Pour le numéro de septembre de Démocratie&Socialisme, la revue nationale de la Gauche démocratique et sociale (GDS), j’ai écrit un article dans le cadre d’un dossier « Revenir aux fondamentaux ». Je le reproduis ici : « Croissance ou décroissance : ce n’est pas la question ! ».
Si l’écologie suppose de faire décroître les activités polluantes, nécessite-t-elle une décroissance globale ? Pour justifier une telle approche, certains écologistes mettent en avant une argumentation qui paraît de bon sens : une croissance infinie dans un monde fini est impossible. Le mathématicien Nicholas Georgescu-Roegen (1906-1994) est la principale référence scientifique des théoriciens de la décroissance.
Pour Yves Cochet, ancien député européen EELV : « On n’a pas à choisir si l’on est pour ou contre la décroissance, elle est inéluctable, elle arrivera qu’on le veuille ou non ». Serge Latouche, un des penseurs de la décroissance, a avancé l’idée de revenir « à une production matérielle équivalente à celle des années 1960-1970 »1. Pourquoi à cette date ? Une date valable pour tous les pays de la planète ?
Une fausse alternative
Pourtant, la révolte des Gilets jaunes en a été la preuve : de nombreux besoins sociaux sont loin d’être satisfaits dans un pays comme la France (sans parler de pays beaucoup moins « riches » que le nôtre) : « Fins de mois difficiles, mal-logement, santé, éducation ». Il faut donc, par exemple, construire beaucoup plus de logements qu’actuellement. Et qui plus est, il faut engager une rénovation thermique d’ampleur pour lutter contre les logements « passoires thermiques » et la précarité énergétique. Ce sont des investissements massifs qui sont nécessaires, dans ce domaine tout comme celui des transports collectifs. C’est bien pour de tels secteurs un surcroît de croissance qui est nécessaire.

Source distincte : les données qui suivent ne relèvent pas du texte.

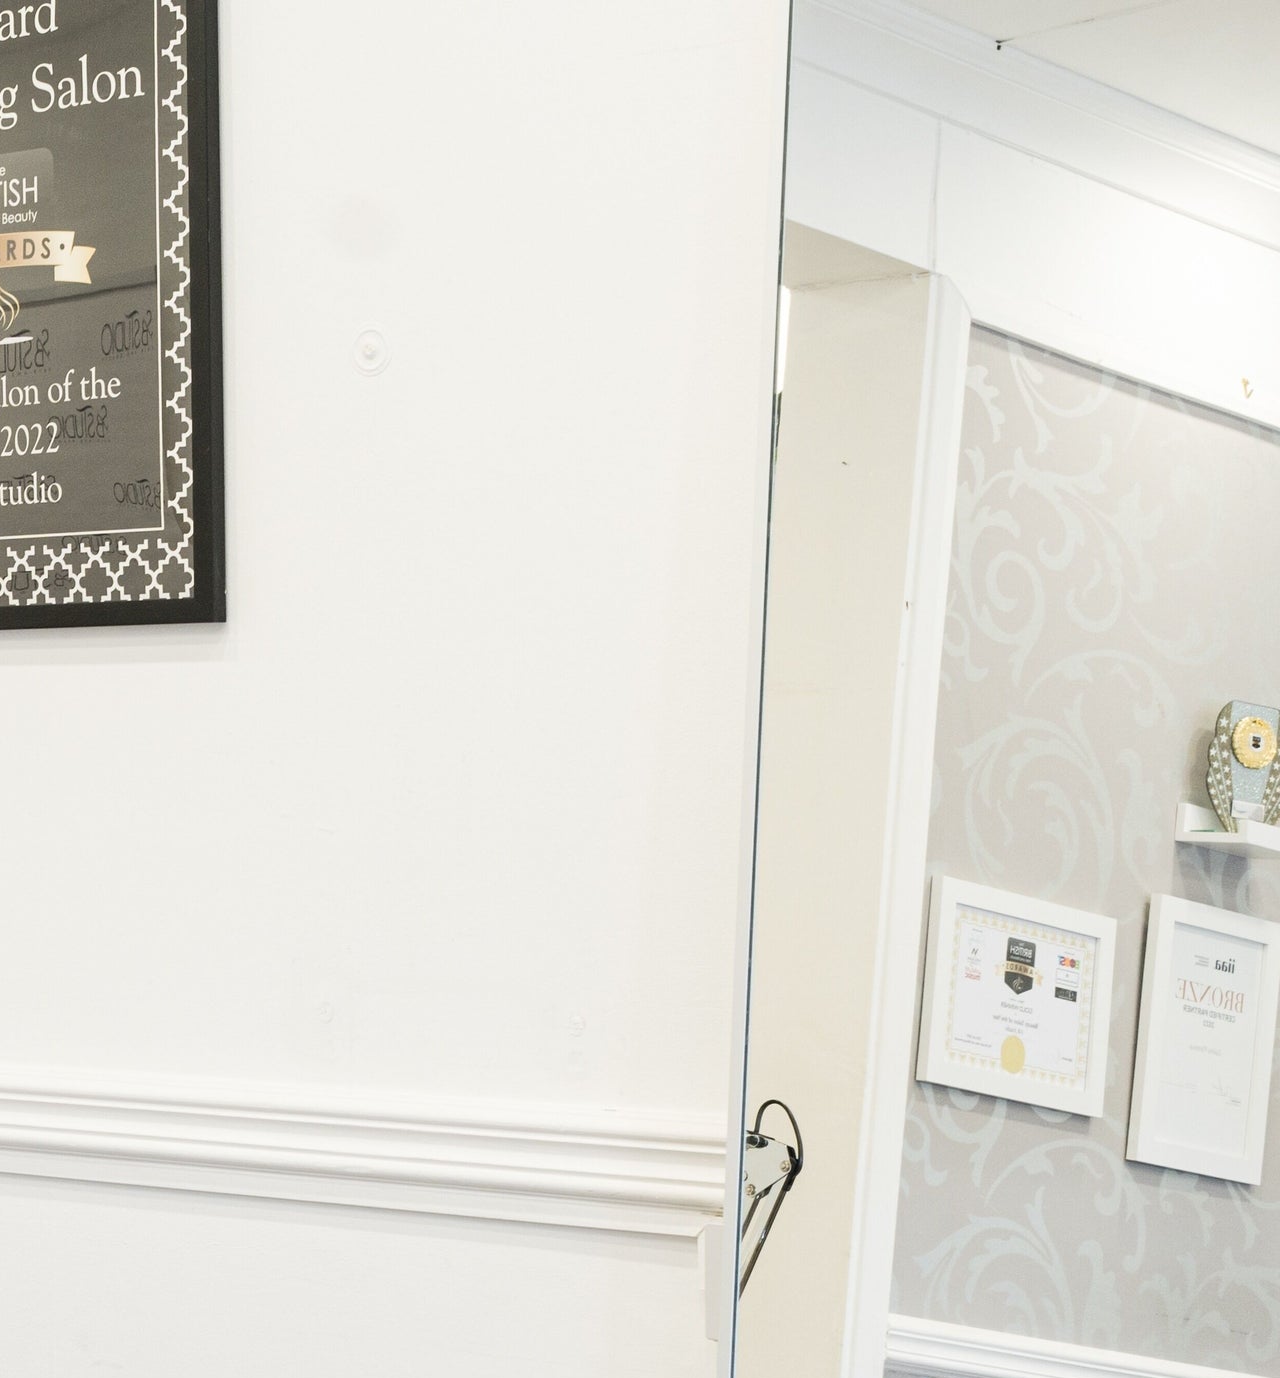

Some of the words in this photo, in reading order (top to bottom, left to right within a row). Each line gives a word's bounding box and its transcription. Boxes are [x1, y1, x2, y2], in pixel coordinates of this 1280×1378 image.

[31, 54, 145, 113] Salon
[2, 209, 38, 225] Beauty
[47, 368, 75, 403] of
[80, 367, 121, 400] the
[0, 421, 61, 457] 2022
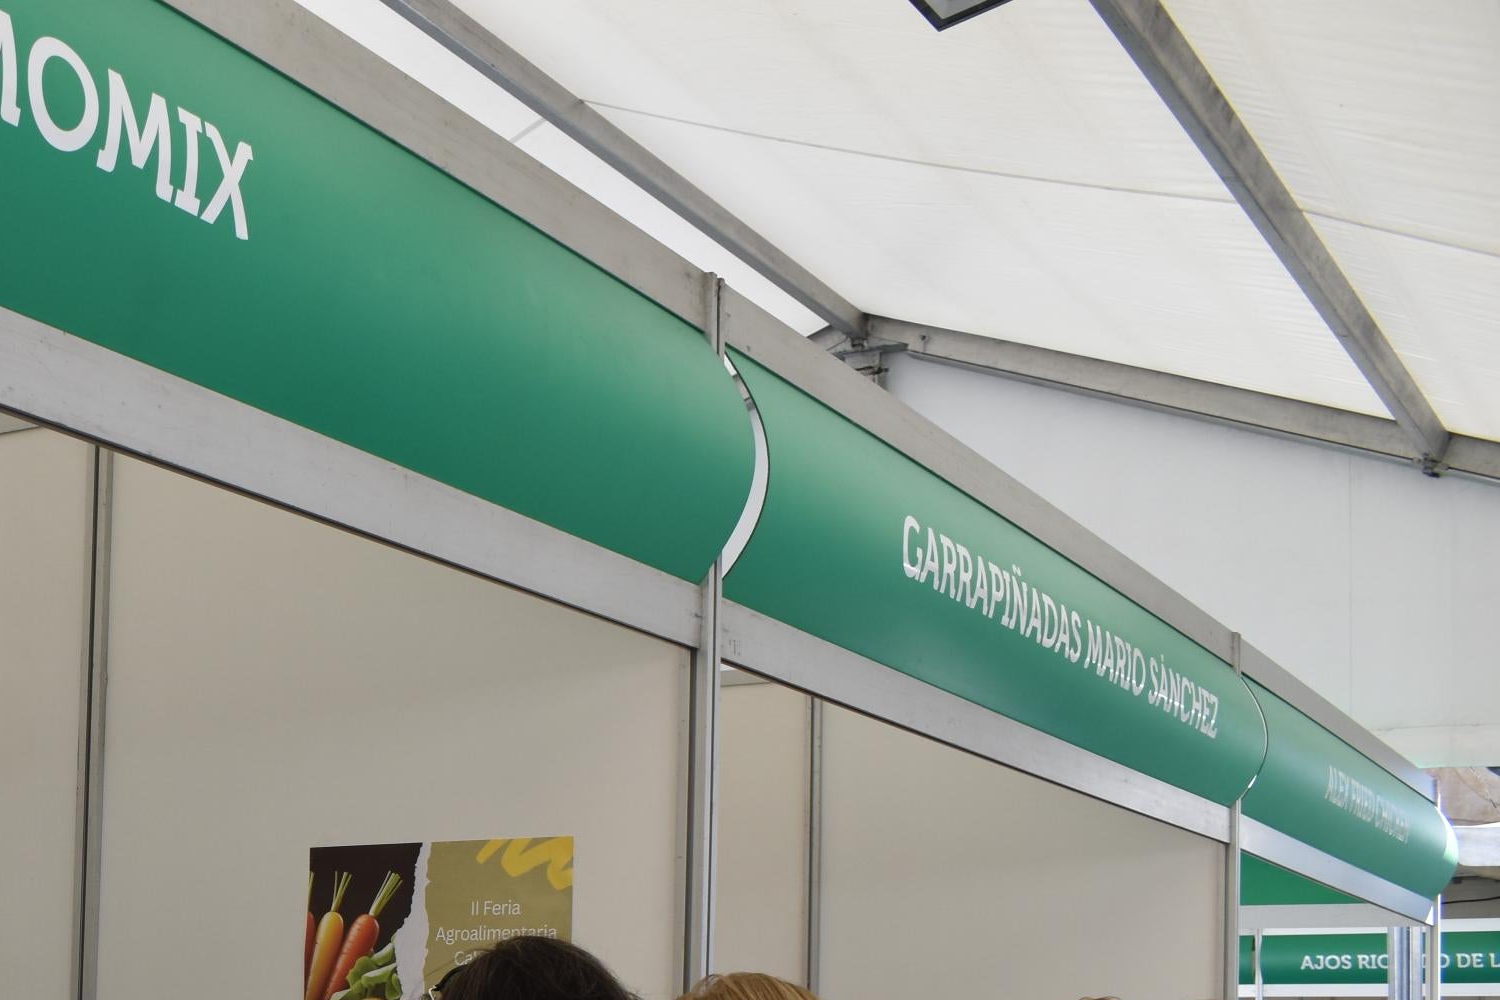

Pour nous, à la GDS, le débat n’est donc pas croissance ou décroissance, mais plutôt de distinguer entre différents types d’activité : celles qui doivent disparaître (armement, nucléaire…), celles qui doivent être modérées (automobile…), celles qu’il faut fortement développer (transports collectifs, services publics, formation, santé…)2.
Quel type de croissance ?
Si le PIB ne peut à lui seul dicter une politique de gauche, car très critiquable en tant qu’indicateur de bien-être, il contient le produit non-marchand (éducation, santé…), vecteur d’une socialisation d’une partie de la richesse produite. « En France, un quart du PIB est socialisé sous forme de services non-marchands et près d’un autre quart est redistribué sous forme de transferts sociaux. »3
En maîtrisant collectivement ses priorités, une société « rationnelle » changerait aussi le contenu même de la croissance. « Elle pourrait privilégier, outre le temps libre, les services publics au sens large (santé, logement, éducation…) en réduisant la part des consommations les plus néfastes à l’environnement »4. La part des activités non-marchandes, c’est-à-dire dont le financement est collectif, pourrait progressivement s’étendre au détriment de la sphère de la marchandise.
Démocratie vs capitalisme
Si, par nature, le capitalisme est productiviste, ce n’est pas la recherche de la croissance qui explique le fonctionnement de l’économie capitaliste. C’est la recherche du profit maximum qui reste le moteur de la forme particulière d’économie de marché dans laquelle nous sommes, à savoir le capitalisme néo-libéral.
Cette course aux profits ne permet pas de répondre correctement aux besoins sociaux. La question sociale reste donc la question centrale. Quelle répartition des richesses souhaitons-nous ? Autrement dit, comment partager les fruits de la croissance ? Quelle part des gains de productivité aux salaires, aux investissements, à la réduction du temps de travail ? Quels services publics, et donc quelles dépenses publiques convient-il de privilégier ? Comprise ainsi, la question sociale est indissociable de la question de la démocratie. Qu’est-ce que l’on décide de produire, mais aussi qui décide ce que l’on produit ? Être de gauche, c’est précisément vouloir délibérer collectivement sur le contenu de la croissance.
Le débat n’est donc pas entre croissance ou décroissance. Il est bel et bien de savoir si on laisse ou non à la seule « main invisible » du marché les choix de ce qui est produit.
- Serge Latouche, Le pari de la décroissance, Fayard, 2006.
- Christophe Ramaux, « Les collapsologues ravalent la politique à un mode religieux », Lemonde.fr, 15 août 2019.
- Jean-Claude Rennwald, Socialiste un jour, socialiste toujours, Éditions de l’Aire, 2019.
- Jean-Marie Harribey, « Les théories de la décroissance : enjeux et limites », Les Cahiers français : documents d’actualité, La Documentation Française, 2007, p. 20-26.